Il motivo della gabbia, delle sbarre, si ripresenta in varie forme nel romanzo. Quando è costretta a tornare in monastero, Maria si considera una reclusa. Quando il padre la va a trovare, vorrebbe buttarsi fra le sue braccia ma una grata di ferro sta lì, brutta e fredda, tra il padre e la figlia, a impedirlo.
Vorrebbe scuotere quelle grate di ferro che imprigionano il corpo, torturano lo spirito, svellerle.
Precipita in un’angoscia allucinata e sepolcrale. Nessuno pensa a lei. Nemmeno l’amica, la destinataria del suo epistolario, risponde più alle sue lettere: Perché tutti mi avete abbandonato, Marianna? anche mio padre! anche tu! Bacia gli ultimi fogli che ha scritto e muore come se si addormentasse.
Bonfiglio esordisce e conclude con in mano la gabbia della capinera, che contiene fogli di carta (le sue lettere? La Letteratura?) appallottolati.
Poi indossa un vestito a forma di gabbia: una sorta di crinolina elastica che alza e abbassa, si toglie e rimette. Un’armatura che invano la protegge e di sicuro la esclude dai suoi desideri, dalla libertà, dalla società.

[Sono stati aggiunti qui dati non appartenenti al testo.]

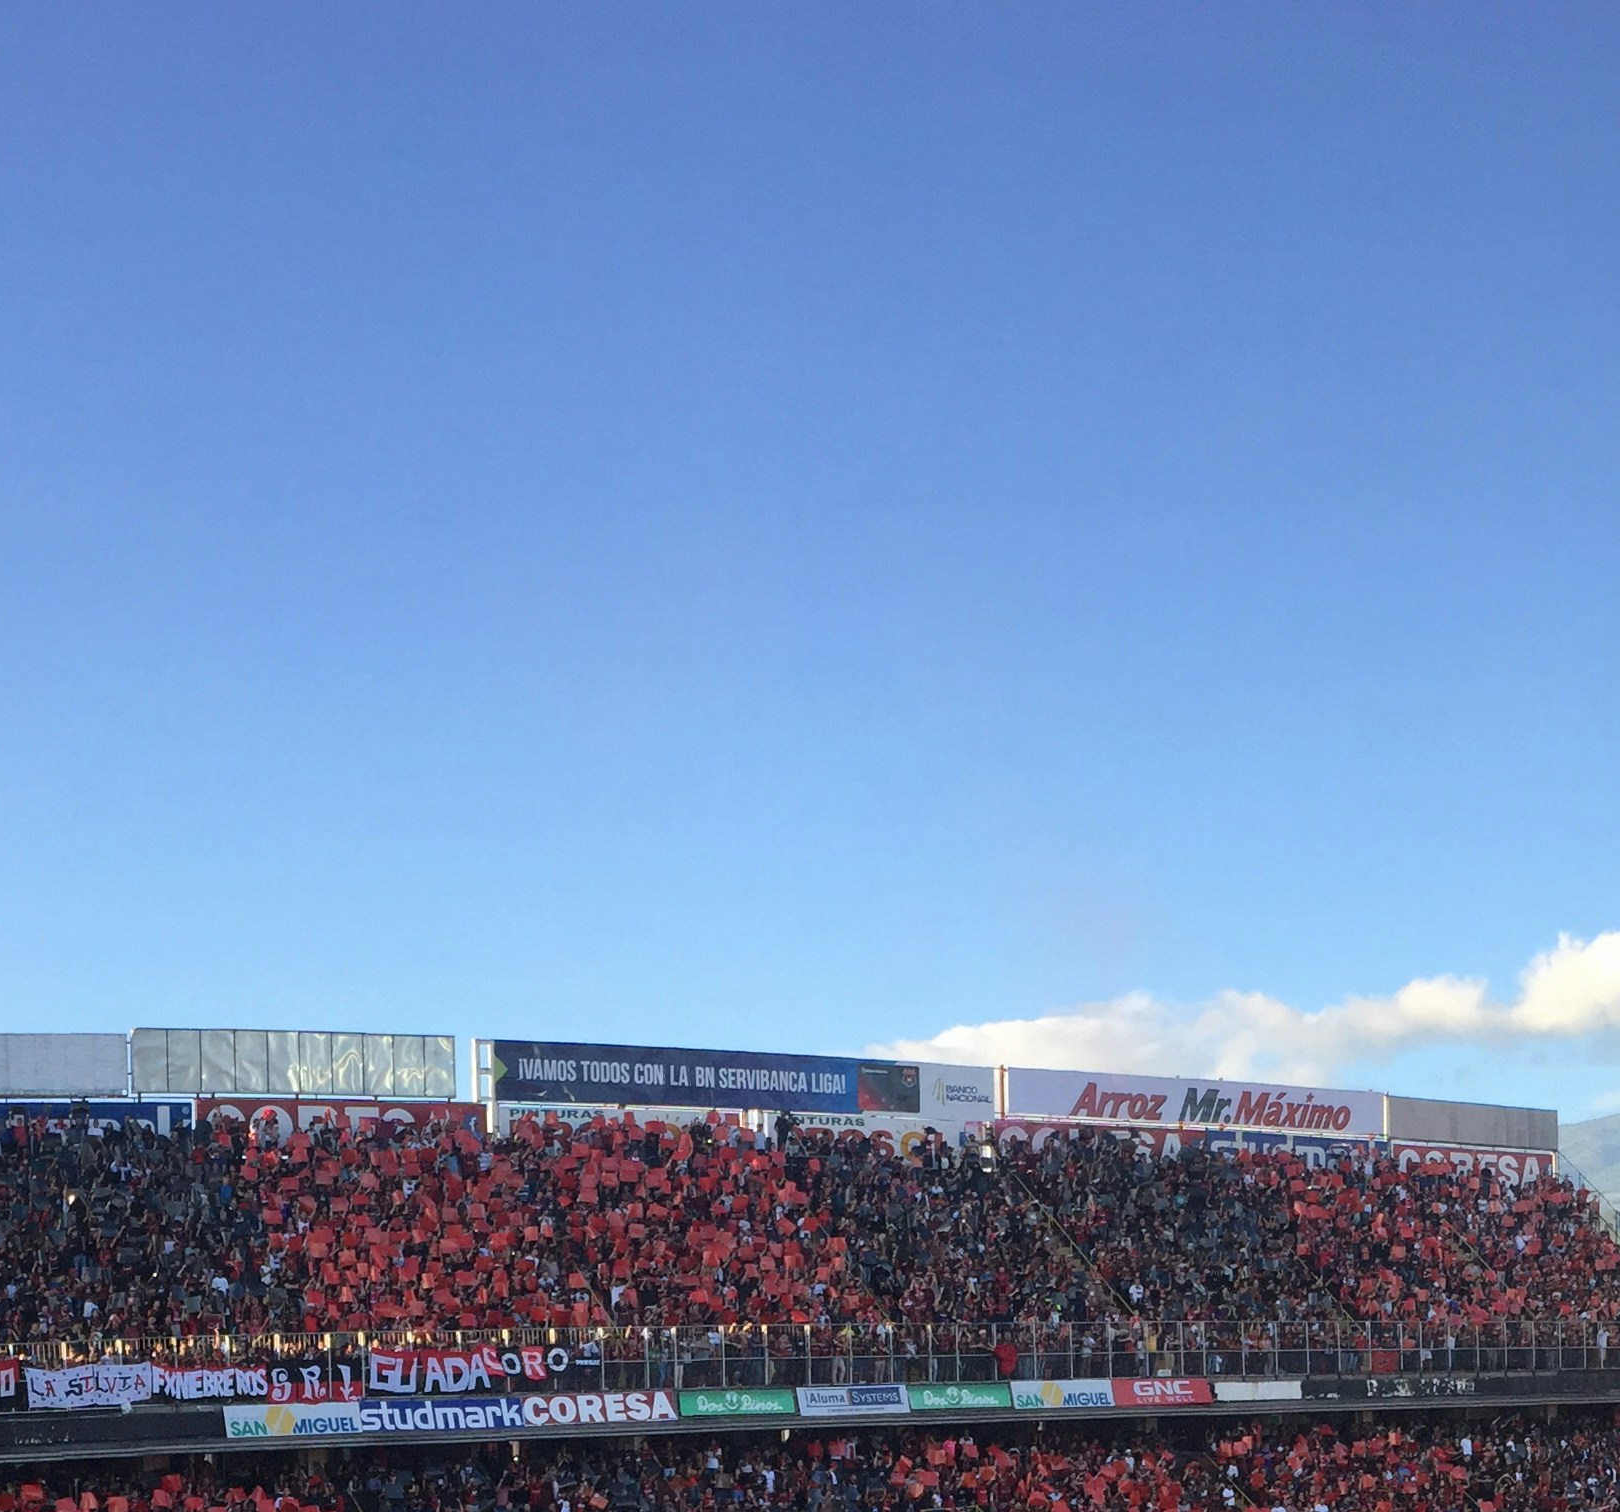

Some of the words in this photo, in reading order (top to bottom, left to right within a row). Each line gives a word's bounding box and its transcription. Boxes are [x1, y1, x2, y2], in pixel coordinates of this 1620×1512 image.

L’inizio del romanzo dipinge la gioia della libertà. Fin dalla prima lettera entra in gioco la contrapposizione tra l’aperto e il chiuso. Il primo è l’archè della vita: l’aria, la luce, la libertà. Il secondo è principio di sofferenza e morte. Il primo è associato alla natura, il secondo al monastero, in particolare, a quello di clausura, cui è designata.

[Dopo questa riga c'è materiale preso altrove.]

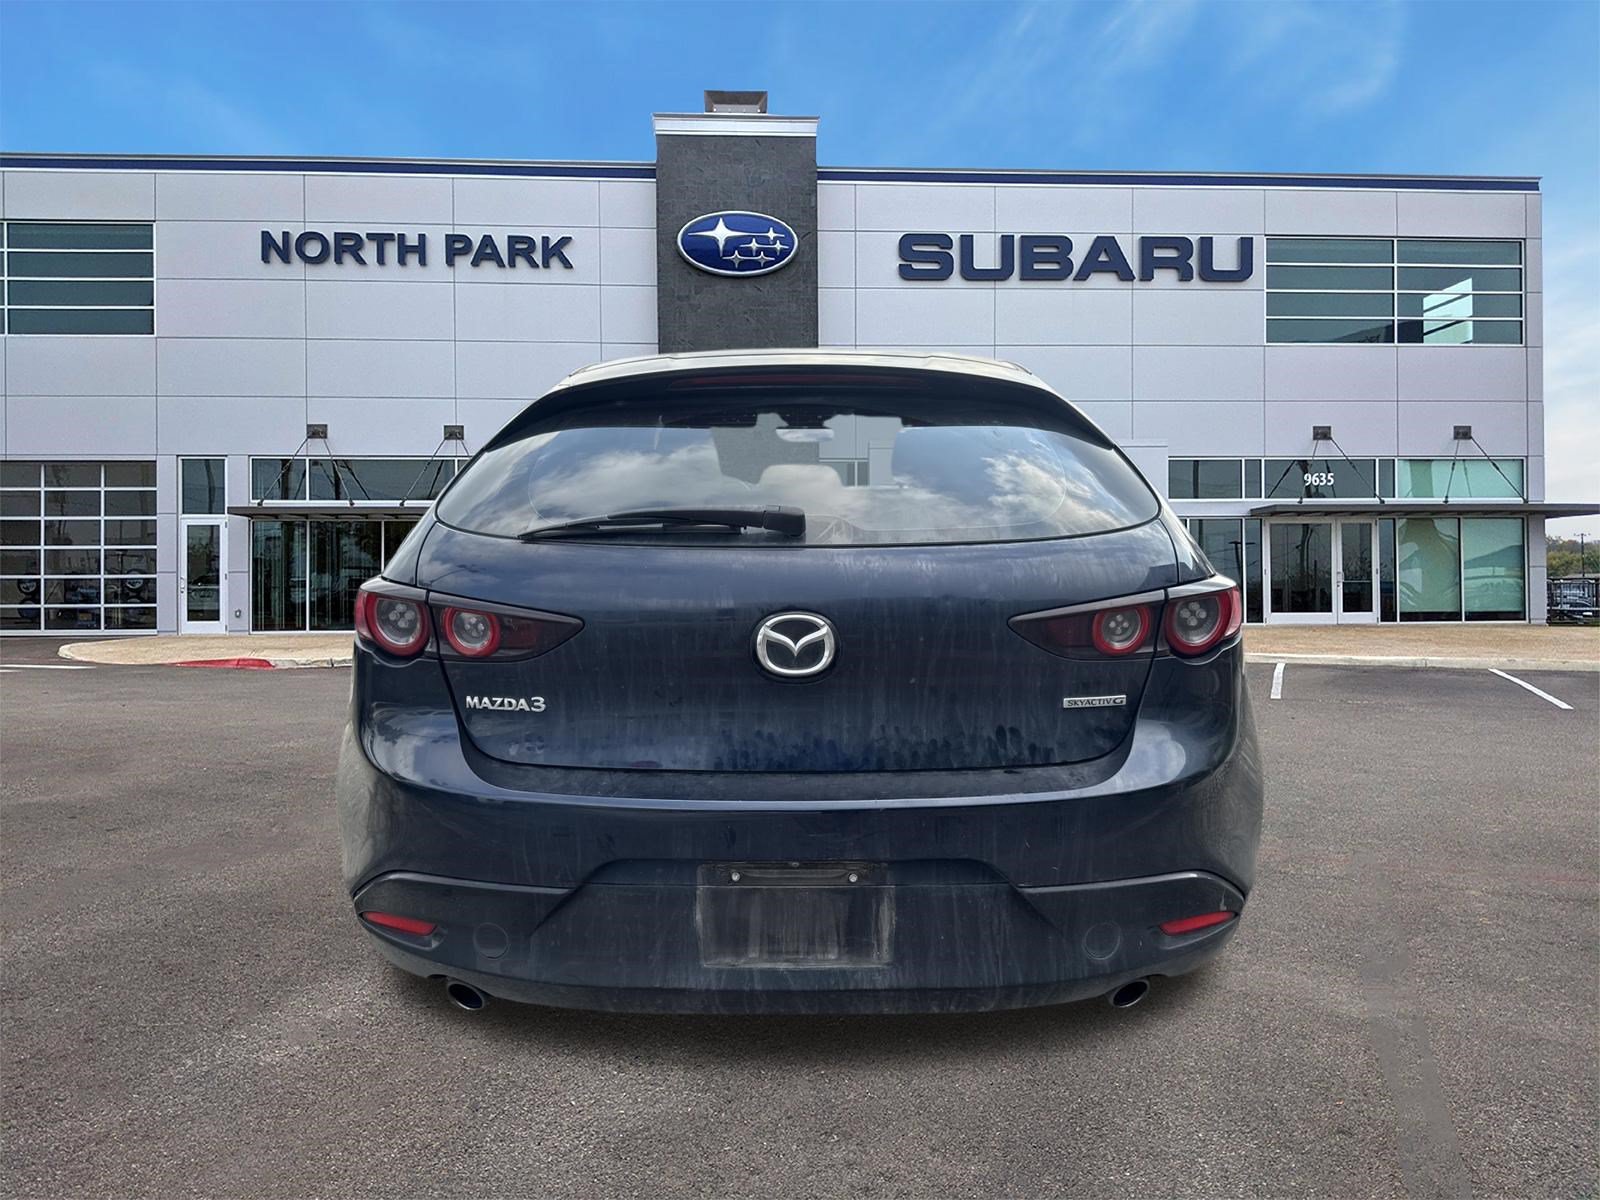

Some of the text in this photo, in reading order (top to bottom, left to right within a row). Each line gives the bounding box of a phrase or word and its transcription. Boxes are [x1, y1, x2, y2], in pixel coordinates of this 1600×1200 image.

Chi è la voce narrante? Si tratta di Maria, che dall’infanzia è stata mandata in convento dal padre, non per punizione o per incuria, ma per necessità, dopo la morte della moglie. Maria, la capinera, vive temporaneamente in famiglia, cioè con il padre, la matrigna e i due fratellastri, per l’evacuazione del convento a causa del colera, in una casa in campagna, nei paraggi dell’Etna. Siamo nel 1854-55, periodo in cui un giovanissimo Verga vive un’esperienza analoga di fuga in campagna dalla città (Catania) afflitta dal colera.
La matrigna non si prende cura di lei e le concede una libertà di cui non ha mai goduto. Le prime lettere del romanzo ne descrivono l’apoteosi: vedere l’azzurro del cielo e del mare, il verde dei boschi e delle vigne, correre per i campi, scavalcare muriccioli, raccogliere fiorellini, ascoltare il canto degli uccelli, trasognata, sbalordita, tanto da sentirsi in colpa per aver lodato il colera che le ha permesso di scoprire un mondo sconosciuto e una libertà di cui non ha mai goduto.

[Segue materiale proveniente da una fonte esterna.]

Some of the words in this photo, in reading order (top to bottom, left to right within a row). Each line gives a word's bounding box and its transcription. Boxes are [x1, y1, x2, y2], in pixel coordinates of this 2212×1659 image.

Maria, poi, (ha quasi vent’anni) scopre l’amore. L’ inquietudine diventa paura, il turbamento passione che flagella il corpo e l’anima: io l’amo! Io l’amo! L’amato è Nino, buonissimo giovane, che frequenta con i genitori e i fratelli. Balla con lui e sarà lui a cercarla. Lei vorrebbe ricambiare ma non può. La matrigna si oppone. Ammonisce Maria a non frequentare più estranei. (Matrigna che riconvoca, con altri elementi, la fiaba di Cenerentola. Ma il finale è ben diverso: Nino non è il Principe Azzurro e la necessità, come sempre in Verga, è più inflessibile dei desideri).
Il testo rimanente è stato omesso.